:: Given records ::

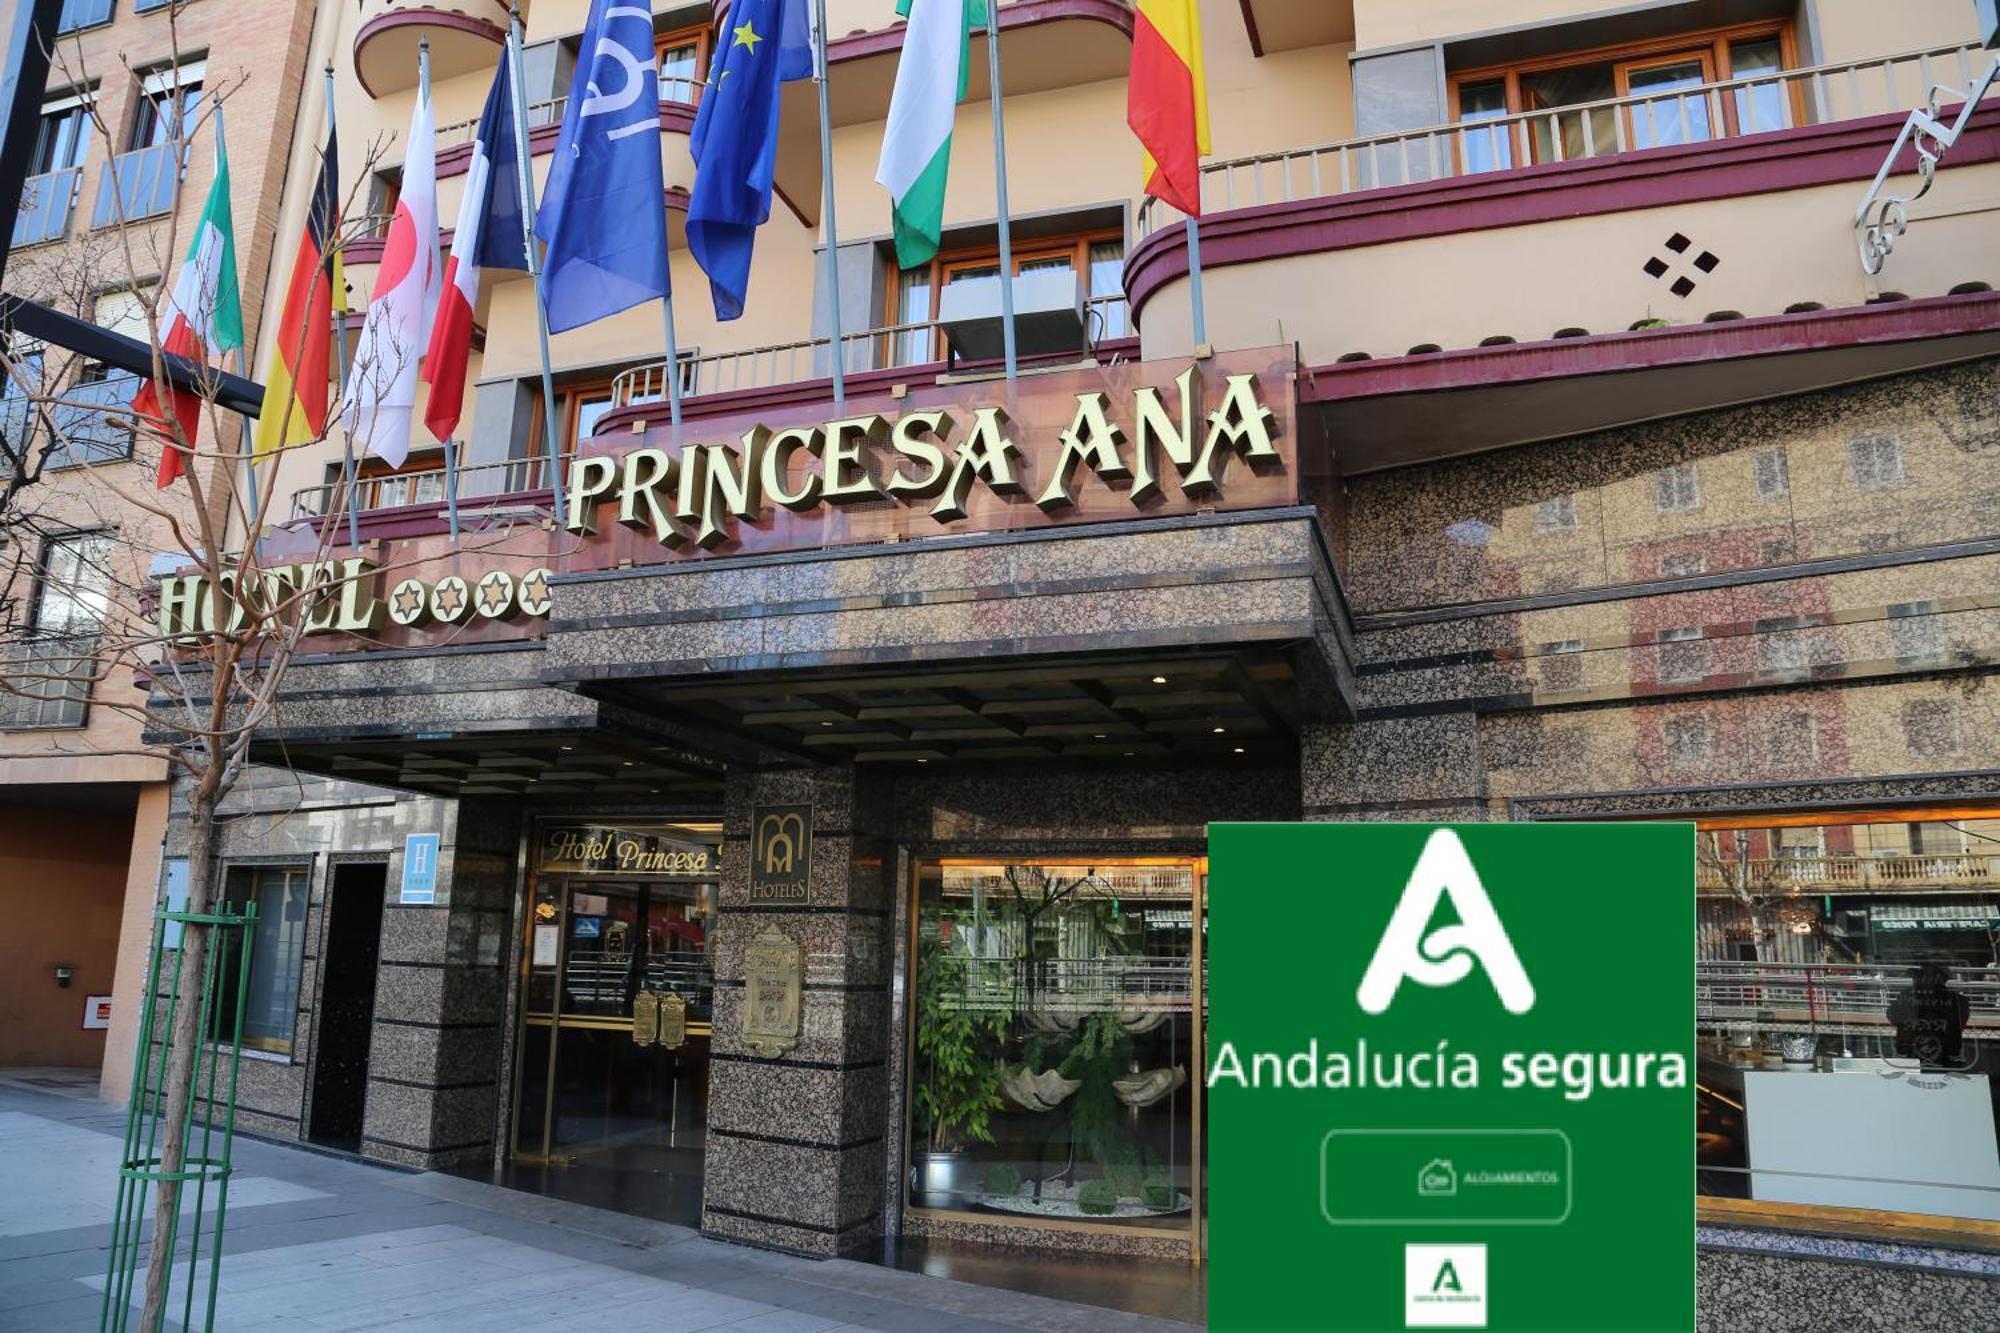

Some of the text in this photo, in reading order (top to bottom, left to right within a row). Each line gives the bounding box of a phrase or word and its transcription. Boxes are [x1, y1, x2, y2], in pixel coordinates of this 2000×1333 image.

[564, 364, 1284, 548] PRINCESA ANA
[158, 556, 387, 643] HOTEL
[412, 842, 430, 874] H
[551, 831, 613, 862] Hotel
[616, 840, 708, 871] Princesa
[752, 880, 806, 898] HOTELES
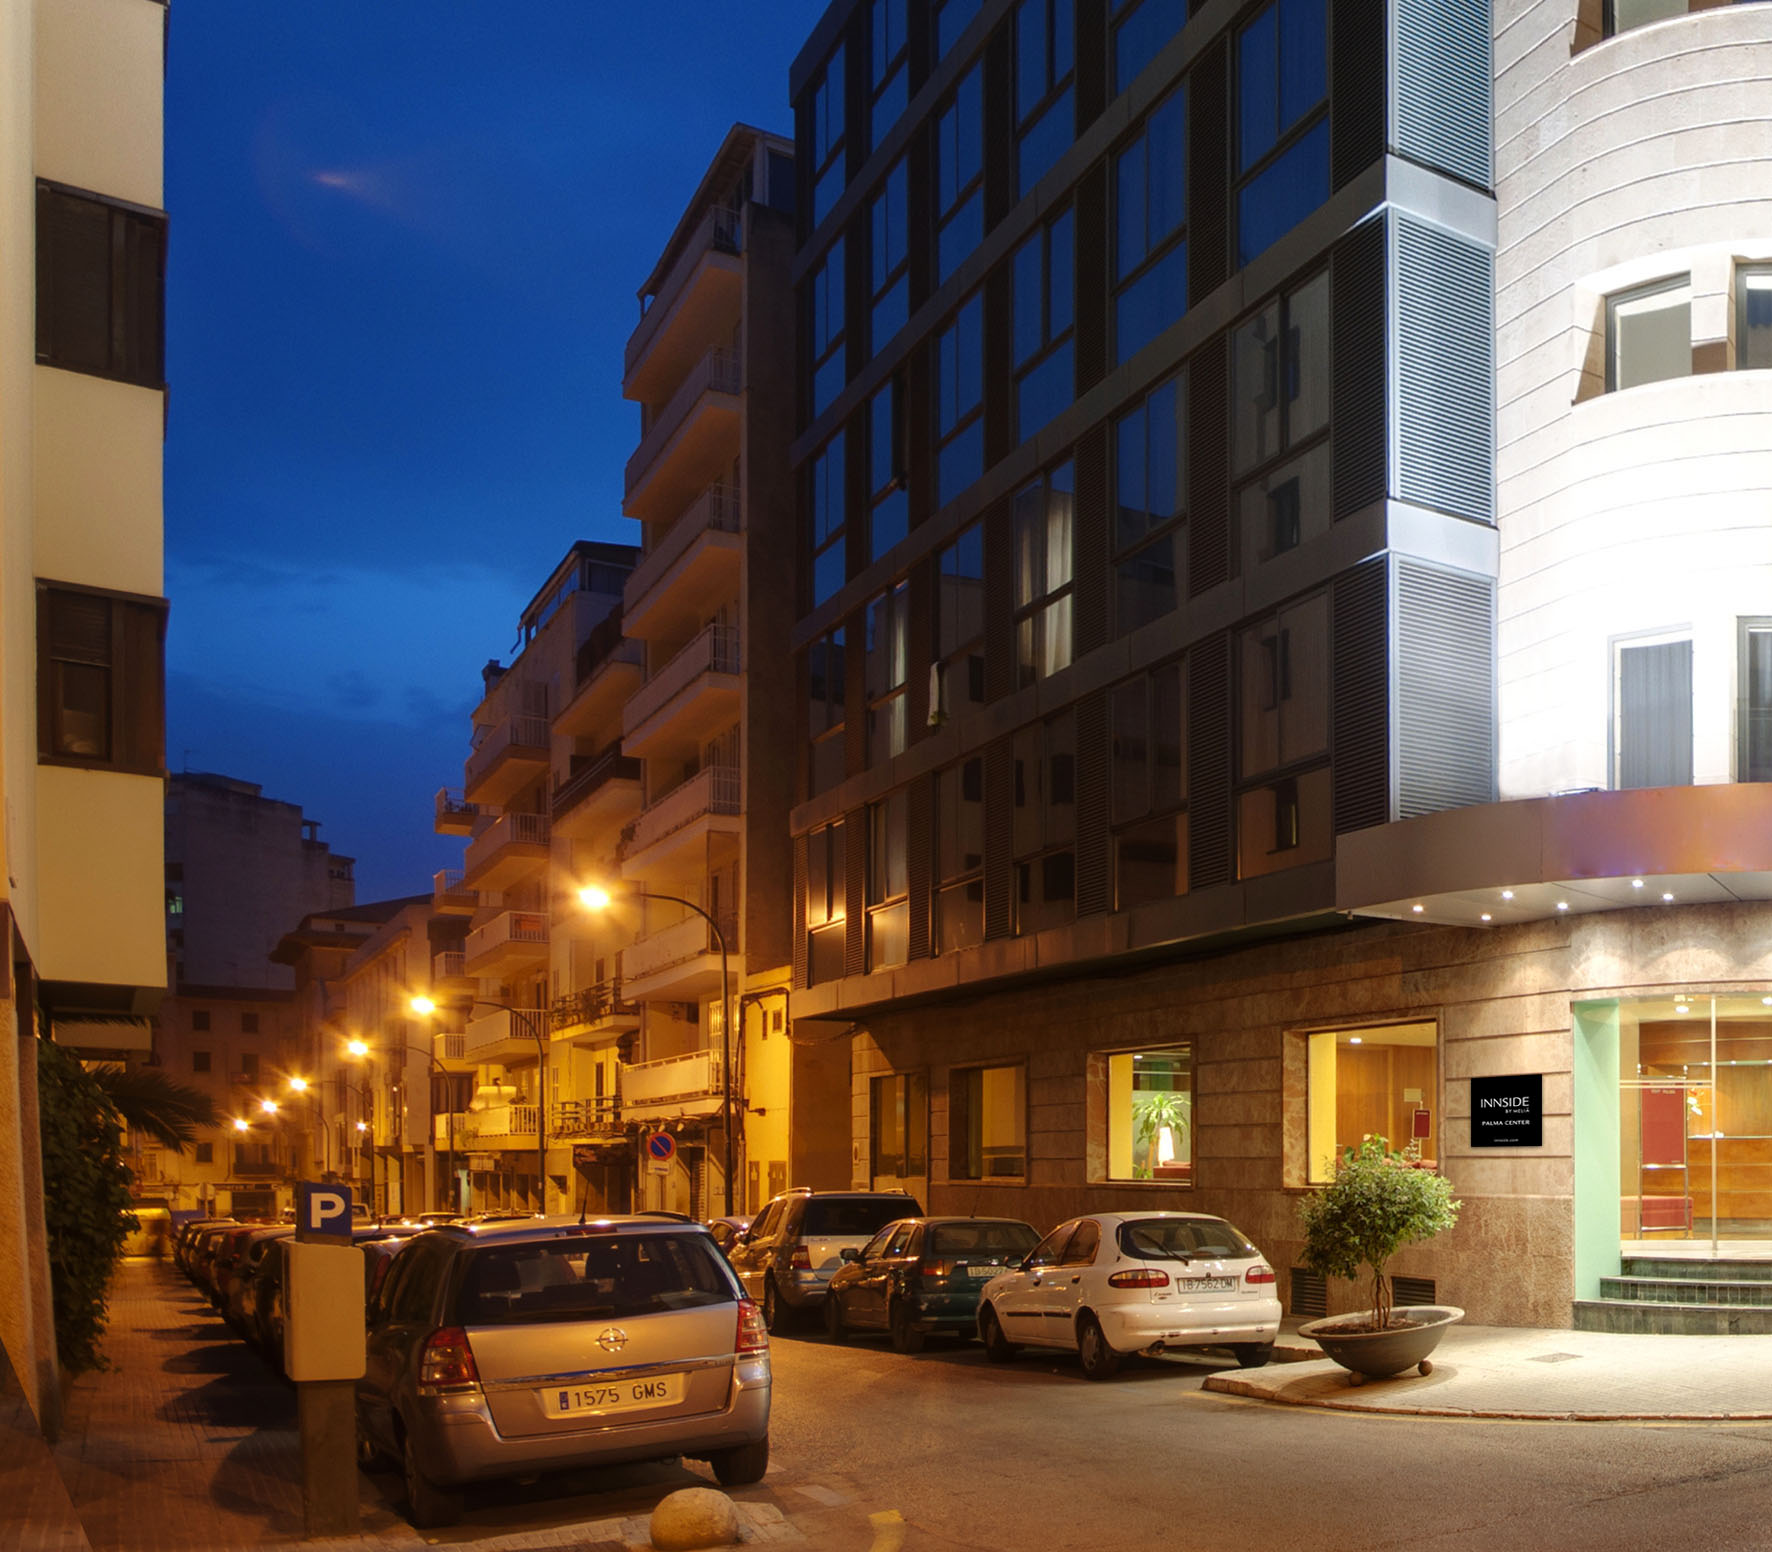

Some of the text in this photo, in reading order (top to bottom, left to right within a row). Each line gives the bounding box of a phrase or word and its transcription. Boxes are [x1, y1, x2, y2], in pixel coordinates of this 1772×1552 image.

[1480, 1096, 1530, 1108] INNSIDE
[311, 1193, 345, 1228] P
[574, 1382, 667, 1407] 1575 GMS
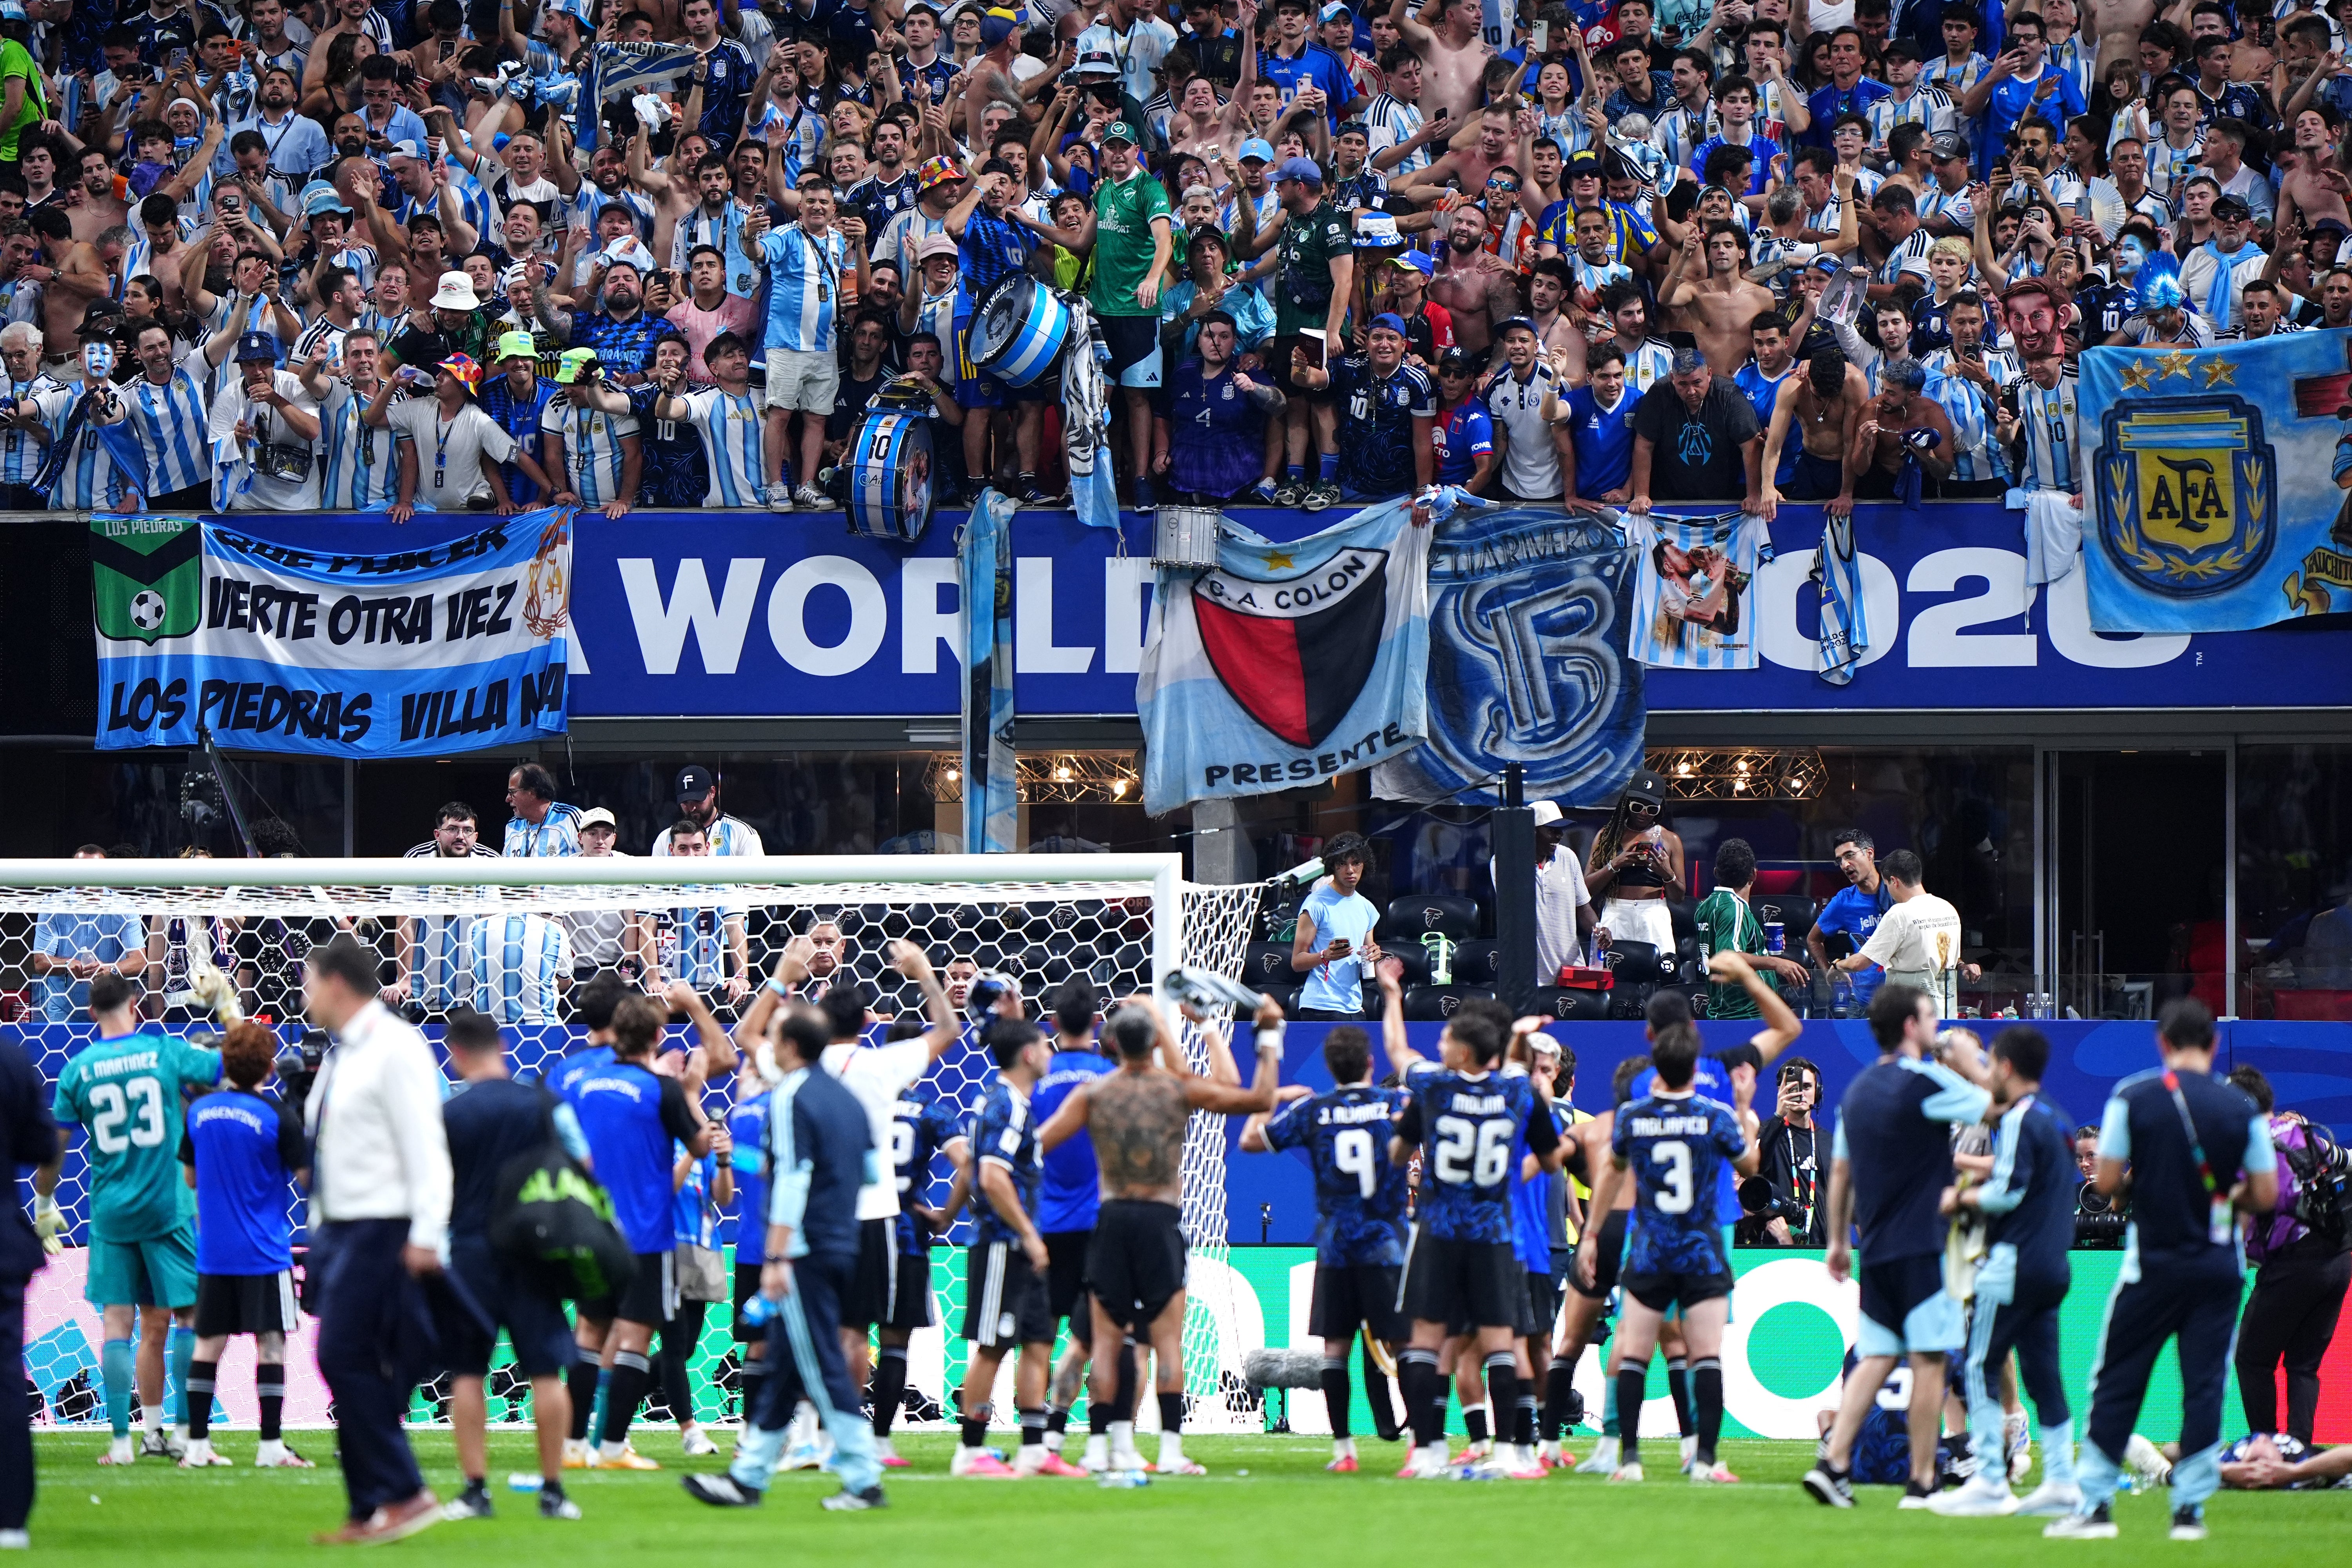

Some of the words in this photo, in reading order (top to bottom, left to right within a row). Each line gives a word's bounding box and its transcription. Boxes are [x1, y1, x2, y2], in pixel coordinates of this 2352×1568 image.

:::

▸ **What to work on**: Without copying any picture, write out the entries exactly.

▸ **Result of the task**:
Some of the text in this photo, in reading order (top to bottom, left to right within a row). Each line gives the bounding box of a phrase or word and its transcription. Boxes are [x1, y1, x2, y2], in pixel coordinates of this 2000×1333 image.

[564, 364, 1284, 548] PRINCESA ANA
[158, 556, 387, 643] HOTEL
[412, 842, 430, 874] H
[551, 831, 613, 862] Hotel
[616, 840, 708, 871] Princesa
[752, 880, 806, 898] HOTELES

Some of the text in this photo, in reading order (top to bottom, left to right within a row). Each line gives the bounding box of a phrase or word and its transcription. Boxes are [x1, y1, x2, y2], in pixel coordinates of this 1772×1552 image.

[1480, 1096, 1530, 1108] INNSIDE
[311, 1193, 345, 1228] P
[574, 1382, 667, 1407] 1575 GMS

Some of the words in this photo, in reading order (top to bottom, left to right within a row). Each line gives a word's bounding box and its transcription. Boxes are [x1, y1, x2, y2], in pixel coordinates of this 2352×1568 image.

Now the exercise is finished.